The immobilized UK showed fibrinolytic activity even after preservation at 4°C, for long term and even after heat-treatment at 70°C for 15min. These results have been published previously.
The fibrinolytic activity of immobilized UK was prevented by “antiplasmin” which exists in normal human plasma. So, we have devised a modified technique to immobilize UK on nylon for the purpose of increasing the quantity of binding UK on nylon and of suppressing the activity of antiplasmin. In our technique, Gantrez (G) (copolymer of maleic anhydride and methylvinyl ether) was used to increase quantity of UK (immobilized) on nylon and Nitrophthalic acid (NP) as antiplasmin inhibitor.

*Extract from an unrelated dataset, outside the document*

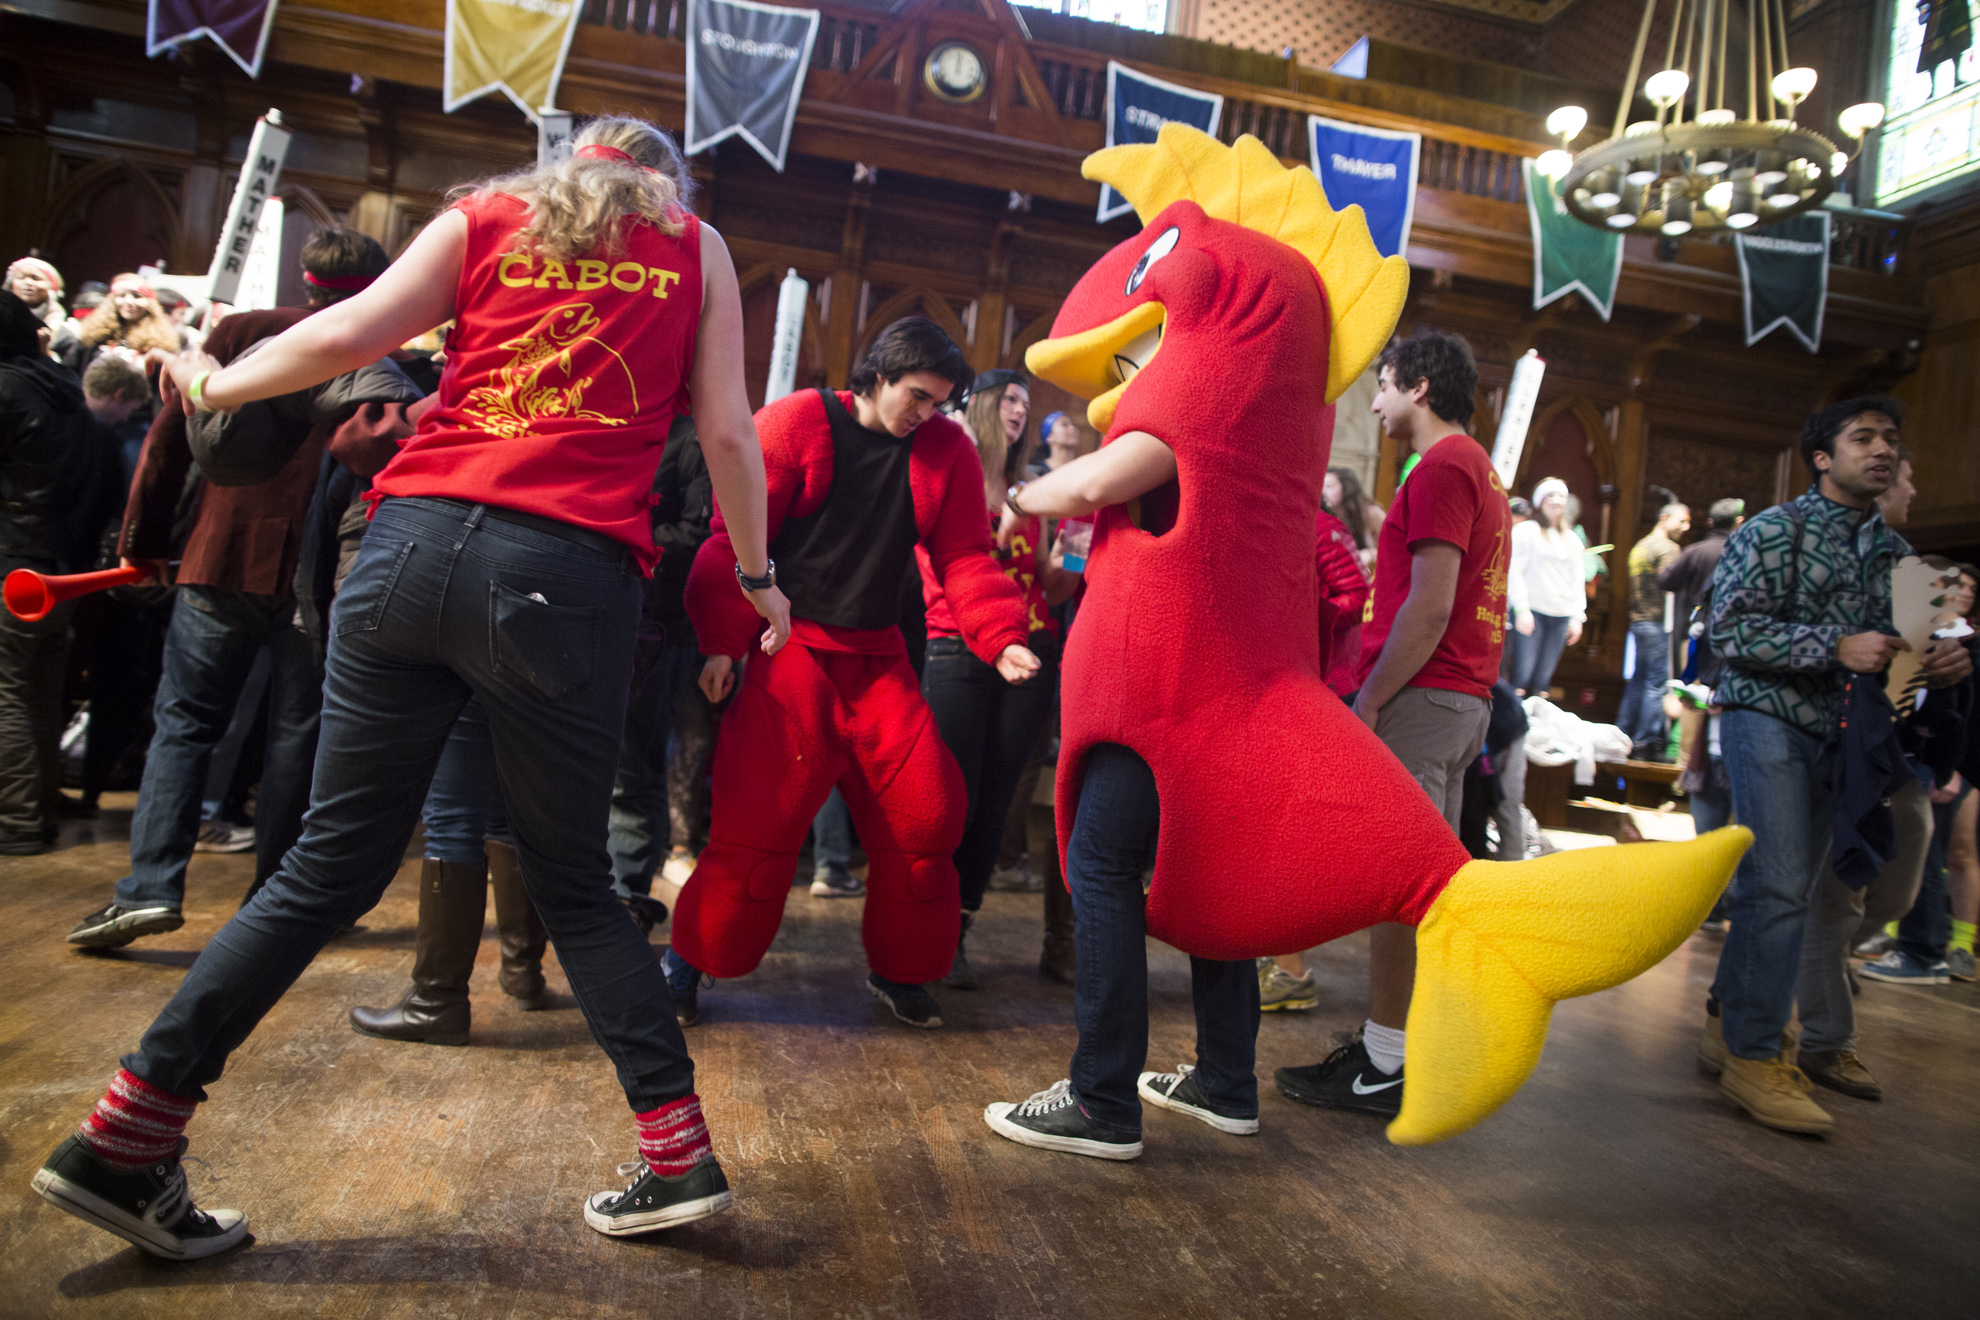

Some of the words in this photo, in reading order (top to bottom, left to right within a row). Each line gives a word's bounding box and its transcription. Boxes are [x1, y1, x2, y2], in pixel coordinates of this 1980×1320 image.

The samples we had produced by the devised method revealed remarkable fibrinolytic activities in the existence of human plasma.
The fibrinolytic activities of immobilized UK decreased gradually by repeated incubations. After several repetitions, they settled to a constant value, which was measured at 10-25% of the initial activity. The constant value is considered to represent the quantity of UK which had coupled covalently on the nylon surface.
Antithrombogenicity of immobilized UK was observed employing the method of chandler, by taking measure of thrombus formation time (TFT). Two kinds of anticoagulants were used to test the antithrombogenicity.
The anticoagulants were FP-522 and EG-626, which had been tested as anti-platelet-aggregation medicaments.
The results of these studies were summarized like follows:
1) TFT of non-treated nylon tubes were within ten min.
2) TFT of UK-immobilized nylon tubes with G and NP, were over 45min.
3) TFT of non-treated nylon tubes with clinical dosage of FP-522 solution were over 45min.
Antithrombogenecity of immobilized UK and clinical dosage of FP-522 were found to be effective.
Possibilities of immobilization of another fibrinolytic or thrombolytic agents must be examined. We are carrying out the next studies in vivo, employing the immobilized UK.